Inizia così il documento di convocazione della manifestazione nazionale del 29 ottobre 1994 “La solidarietà non è un lusso”, che segnò la nascita del Terzo settore italiano e aprì la strada alla costituzione, tre anni più tardi, del Forum Nazionale del Terzo Settore. “La solidarietà non è un lusso”, promossa da oltre 200 realtà sociali, fu la prima mobilitazione che unì, sulla base di comuni valori e obiettivi, quelle che il manifesto stesso chiama “le forze della solidarietà e della partecipazione”. Nei 30 anni trascorsi, quelle forze sono cresciute e si sono strutturate in ciò che oggi, anche grazie al percorso di riforma iniziato nel 2016, è riconosciuto come Terzo settore, che costituisce la gran parte delle 360mila organizzazioni non profit censite da Istat, le quali impiegano oltre 900mila dipendenti e coinvolgono 4,6 milioni di volontari. 

“La solidarietà non è un lusso” prendeva le mosse da una forte denuncia della “crisi gravissima” che aveva iniziato ad attraversare non solo il nostro Paese, ma tutto “il mondo sviluppato” a seguito degli anni ’80 (si citano 50 milioni di poveri in Europa e 20 milioni di disoccupati), rilanciando la necessità “della pace, della convivenza, dell’ambiente, della lotta al razzismo, della solidarietà internazionale e della cooperazione, dell’impegno civile contro la mafia, della tutela dei diritti, della critica solidale dello statalismo e dell’assistenzialismo, delle pari opportunità per tutti i cittadini, della riforma e della moralizzazione della vita politica e istituzionale”. 

Dal manifesto di convocazione traspare nettamente la nascita di nuove consapevolezze: la prima è l’urgenza di un “mutamento della stessa logica di sviluppo” che a livello nazionale e internazionale si stava perseguendo, individuando nel liberalismo selvaggio “una soluzione priva di credibilità che può solo produrre costi economici, sociali e democratici aggiuntivi alla crisi del Paese e del pianeta”.  La seconda consapevolezza è quella del ruolo che sarebbe dovuto spettare al Terzo settore, all’interno di una riforma dello Stato sociale e agendo sul terreno “della risposta utile, efficace, possibile, in modo flessibile ma tale da creare impresa sociale qualificata, sviluppando partecipazione e volontariato, ma creando anche nuova occupazione”. 

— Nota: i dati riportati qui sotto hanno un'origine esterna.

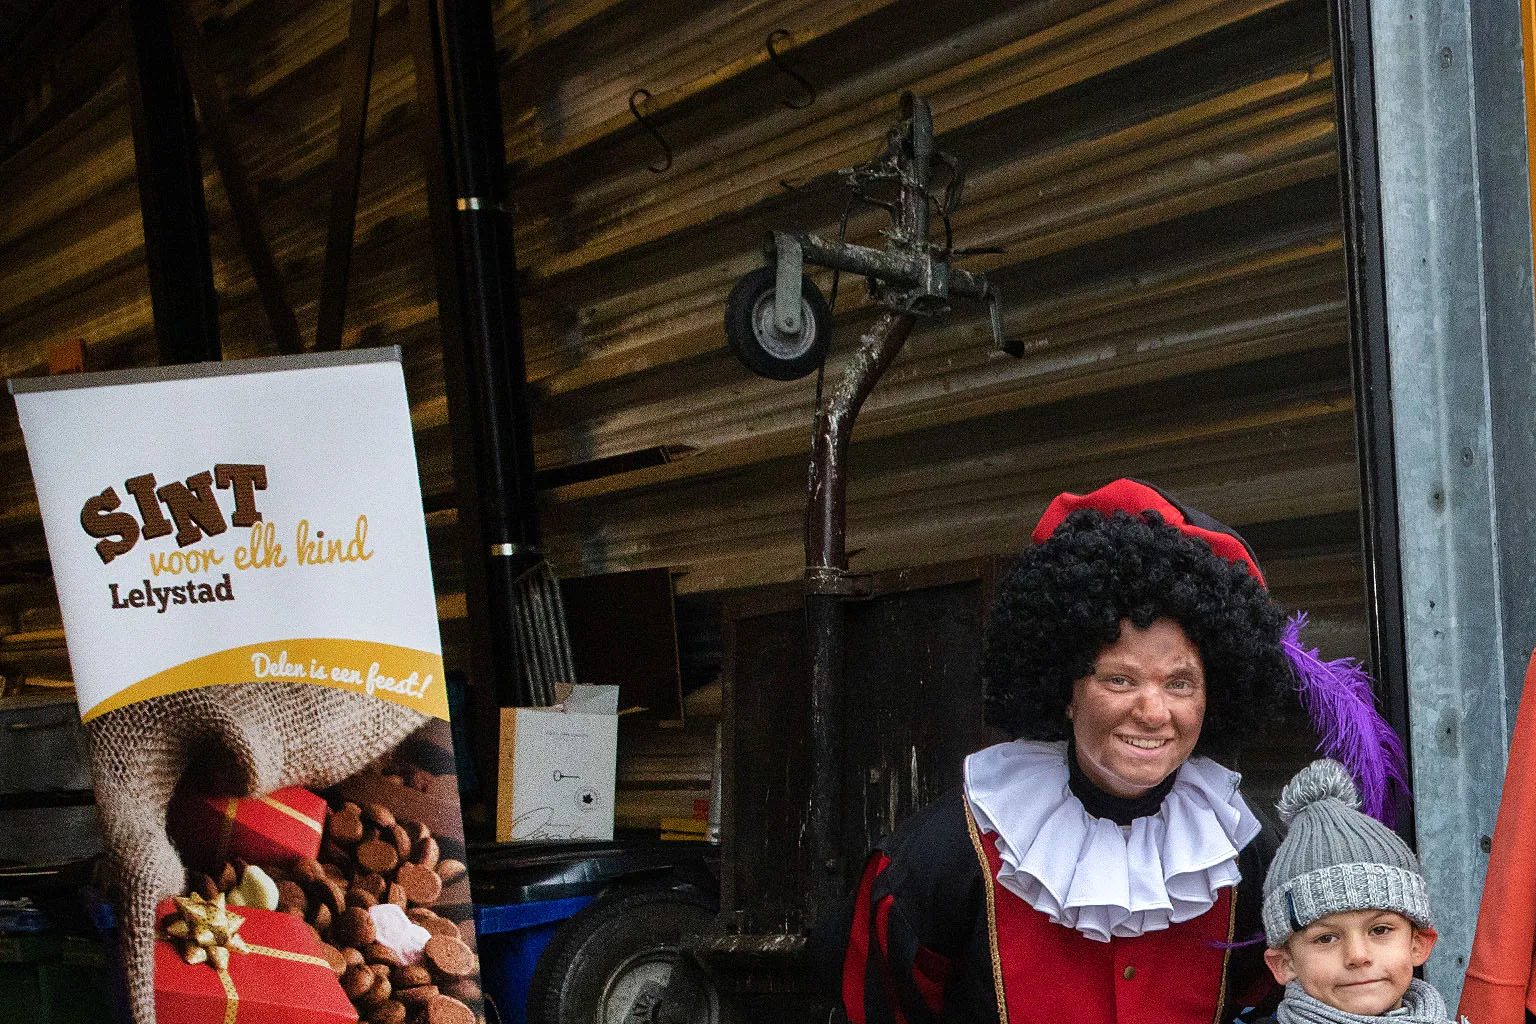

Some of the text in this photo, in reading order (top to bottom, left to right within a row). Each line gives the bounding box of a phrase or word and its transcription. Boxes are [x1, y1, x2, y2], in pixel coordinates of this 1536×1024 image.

[80, 463, 268, 565] SINT
[150, 514, 374, 576] voor elk kind
[108, 573, 236, 614] Lelystad
[251, 650, 433, 699] Delen is een feest!

Nel 1994 le “forze della solidarietà e della partecipazione” scrivevano di non voler continuare a “coprire in modo subalterno i buchi della pubblica amministrazione” e che le loro attività erano “paternalisticamente incensate dalla politica ufficiale e dai media, quanto vessate e colpite dall’assenza di leggi di sostegno e riconoscimento istituzionale, di politiche sociali efficienti, o dal fallimento operativo di tante leggi esistenti”. 

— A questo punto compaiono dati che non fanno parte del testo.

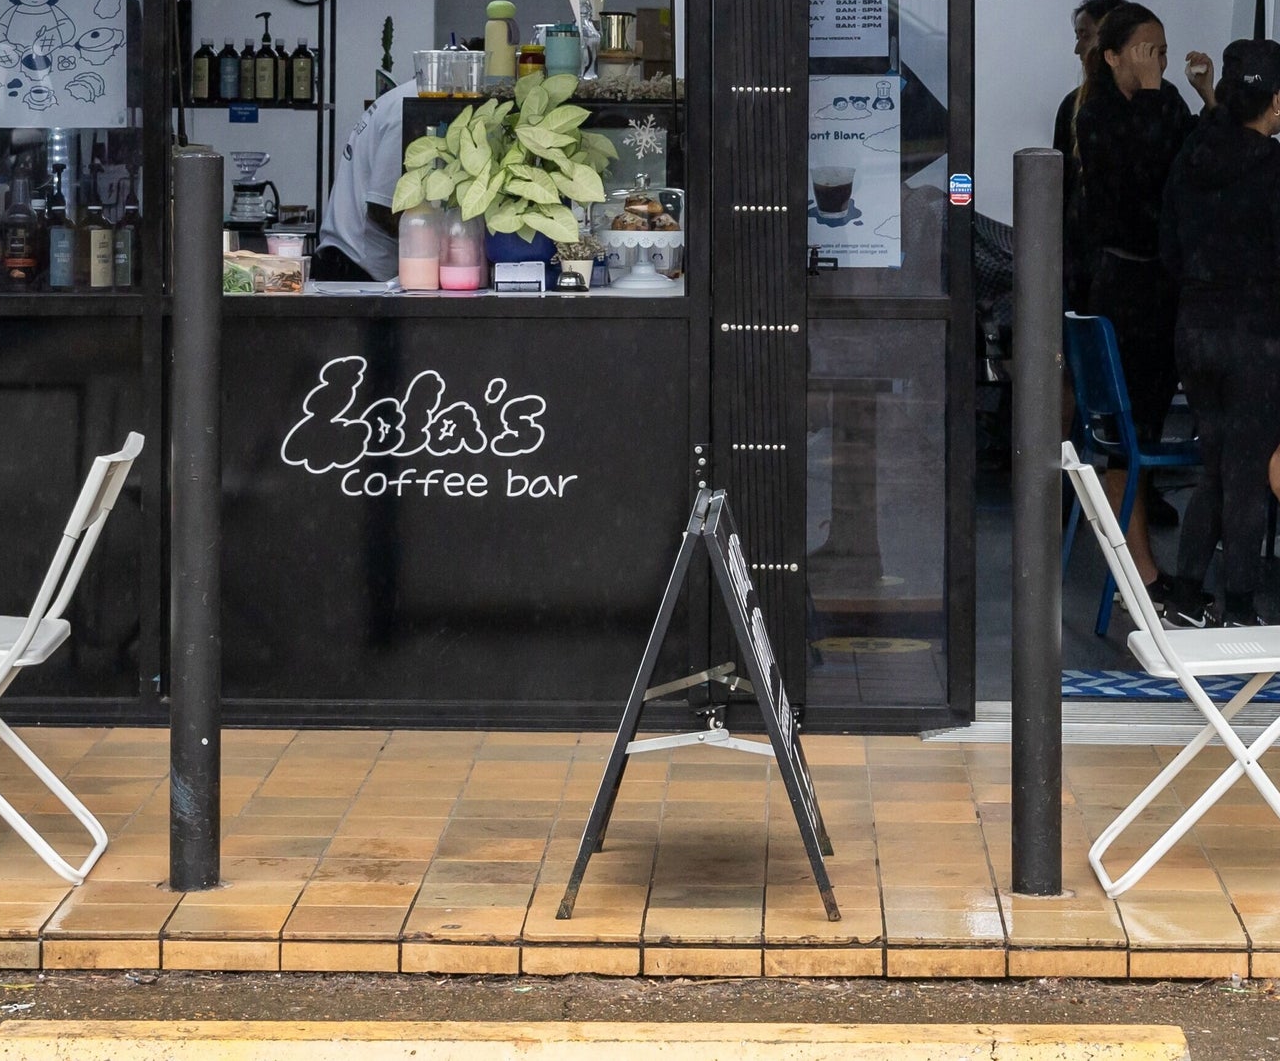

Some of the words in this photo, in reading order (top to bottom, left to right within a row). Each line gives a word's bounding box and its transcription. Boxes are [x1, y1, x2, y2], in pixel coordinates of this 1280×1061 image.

[810, 130, 831, 140] ont
[833, 130, 865, 140] Blanc
[280, 355, 547, 474] Lola's
[340, 468, 489, 497] coffee
[506, 468, 579, 498] bar

A 30 anni da quella manifestazione, se da una parte è indubbio che la società e il Terzo settore abbiano compiuto passi in avanti, dall’altra molti degli allarmi lanciati in quell’occasione sono rimasti inascoltati e le conseguenze negative sono sempre più evidenti. Oggi il numero dei poveri in Europa è raddoppiato, l’individualismo sfrenato ha creato nuove forme di solitudine che riguardano soprattutto le giovani generazioni, la spinta alla solidarietà internazionale si è arrestata e viviamo scenari drammatici di guerra.

Anche alcune delle richieste contenute in quel manifesto sono tutt’oggi richieste che, seppure con modalità diverse, il Terzo settore rivolge alla politica, come ad esempio lo sviluppo di una forte economia sociale o il riconoscimento del ruolo degli ETS per lo sviluppo socio-economico del Paese e di una fiscalità adeguata. Alcuni processi, di cui 30 anni fa si chiedeva l’avvio, oggi necessitano di essere portati a compimento: l’esigenza di un “rinnovato rapporto tra istituzioni e cittadinanza”, ad esempio, si traduce nel presente in un’applicazione diffusa ed efficace dell’amministrazione condivisa.  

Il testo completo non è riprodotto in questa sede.